FAQ: Hairy Moles

Posted on the 26 June 2013 at 12:35

Moles on the skin come in all sorts of shapes and sizes.

The vast majority of moles are harmless. However, everybody should be vigilant for changing or unusual moles which can be sign of dangerous melanoma (a form of skin cancer), requiring urgent treatment. This issue is dealt with in a past article The Facts About Moles

For most moles, the main concern is their appearance, which depending on the location and presentation of the mole, can be for a wide variety of reasons unwelcome. 

Perhaps the worst kind of mole, aesthetically, is one that appears on the face and has hair sprouting. Often the hair can grow longer or thicker or even a different colour to the surrounding area, attracting further attention.

Many patients do not understand how to deal with the problem and are rightfully cautious about any treatment for the mole, which means that the hair continues to grow unchecked. 

Here are a few common questions about hairy moles to explain the problem. 

Why do Moles Grow Hairs?

Moles are made of skin cells and share many of the properties including the potential to grow hair. Hairy moles tend to appear in areas where hair is prone to grow i.e. the chin and upper lip (this applies to women as well as men). These areas have strong hair roots, so growth can be surprisingly fast and thick. 

It is not of any medical concern, but we do understand that patients do not like the look of it. 

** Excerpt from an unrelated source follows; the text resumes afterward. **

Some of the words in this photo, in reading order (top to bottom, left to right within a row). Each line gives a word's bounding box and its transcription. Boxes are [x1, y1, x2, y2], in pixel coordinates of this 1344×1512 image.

Is it safe to remove hair from a mole?

There is no evidence to suggest that removing hairs from moles is harmful in any way. Most moles are not ‘cancerous’ and do not have the potential to become so.

However, it is sensible to treat this area with some caution to avoid sensitivity which could cause redness or swelling. 

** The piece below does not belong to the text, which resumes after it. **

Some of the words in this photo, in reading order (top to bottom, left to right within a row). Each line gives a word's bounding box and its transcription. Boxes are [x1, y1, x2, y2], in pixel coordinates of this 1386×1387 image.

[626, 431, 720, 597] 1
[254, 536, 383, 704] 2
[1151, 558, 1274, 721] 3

Plucking with tweezers is the most common method of mole hair removal. Many men shave over moles on a daily basis and this causes no harm. Depending on the area, waxing may be considered. 

If the mole is raised, then it is sensible to avoid any activity that could damage the mole.  

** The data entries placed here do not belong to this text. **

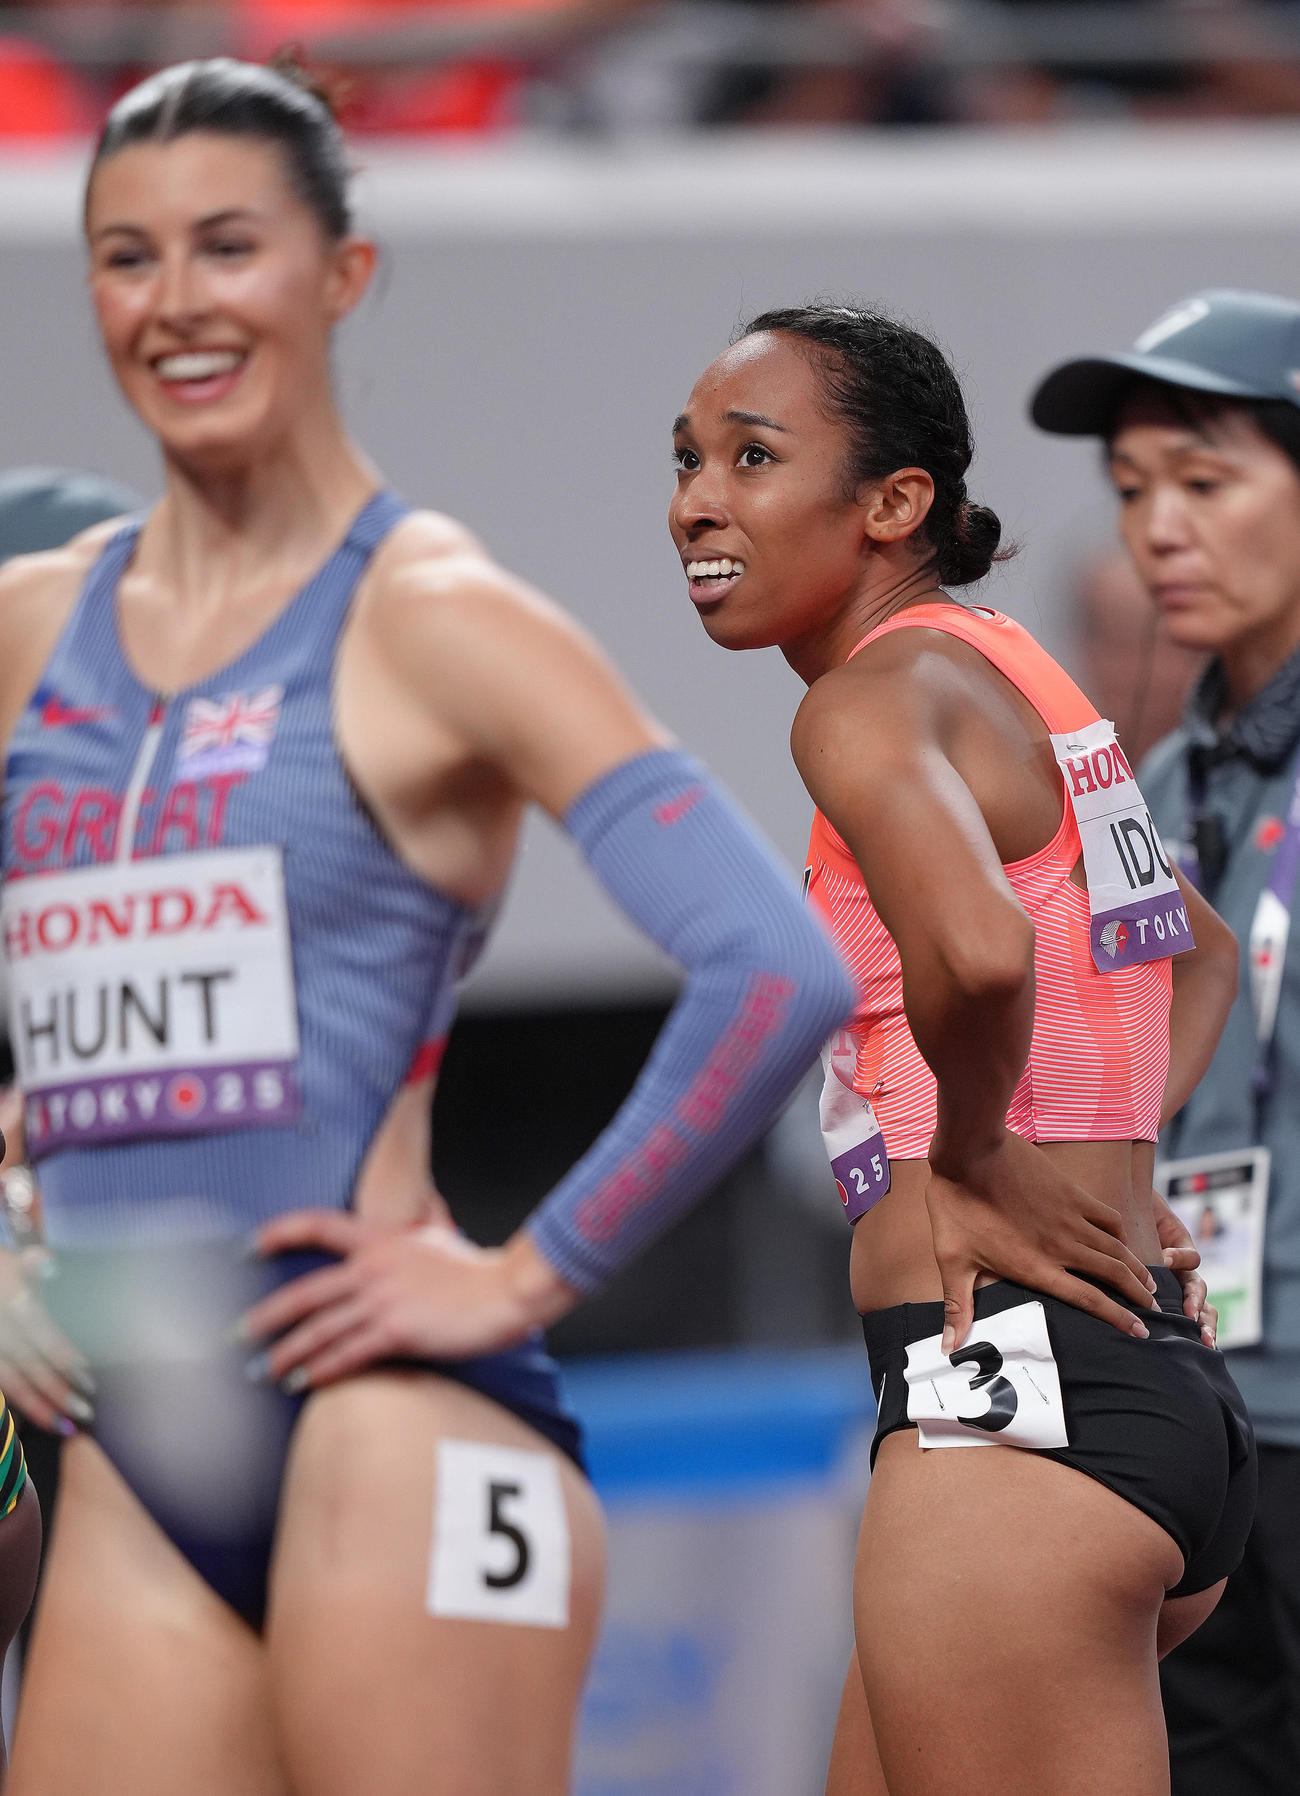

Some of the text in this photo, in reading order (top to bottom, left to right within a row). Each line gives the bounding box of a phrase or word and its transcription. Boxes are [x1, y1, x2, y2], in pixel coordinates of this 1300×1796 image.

[4, 880, 268, 960] HONDA
[20, 968, 235, 1070] HUNT
[850, 1154, 883, 1195] 25
[949, 1341, 1018, 1432] 3
[485, 1481, 530, 1590] 5

Can I use laser hair removal?

Laser hair removal using traditional lasers is not effective, as traditional IPL seeks out dark hair against light skin in order to destroy the hair follicle. In the case of a mole, the skin is already dark so the hair will not contrast against it. 

However, advanced laser technology such as the Soprano system can be used on dark hair and skin and may be suitable for removing hair on moles. Check with a trained laser hair removal therapist and ensure you have a test patch prior to treatment.

What about electrolysis?

Again, there is no evidence that using electrolysis can cause any harm to your mole. Removing hair from a mole is unlikely to disrupt the cells. It is actually far more dangerous to sit in the sun without sunscreen! 

Mole removal

For ugly, hairy moles; mole removal is the fastest and most comprehensive solution. This will remove the mole and the hair all in one go. 

Mole removal is a very simple and quick procedure with a trained doctor, requiring just a local anaesthetic. There will be a tiny scar after healing which will have normal skin characteristics i.e. will not regrow the thick/long mole hair. 

Laser mole removal or surgical techniques are available in the private sector. Unfortunately the NHS consider mole removal to be a cosmetic procedure unless there is a medical concern in which case it should be covered on the NHS as a priority. If not, then private clinics offer a good service.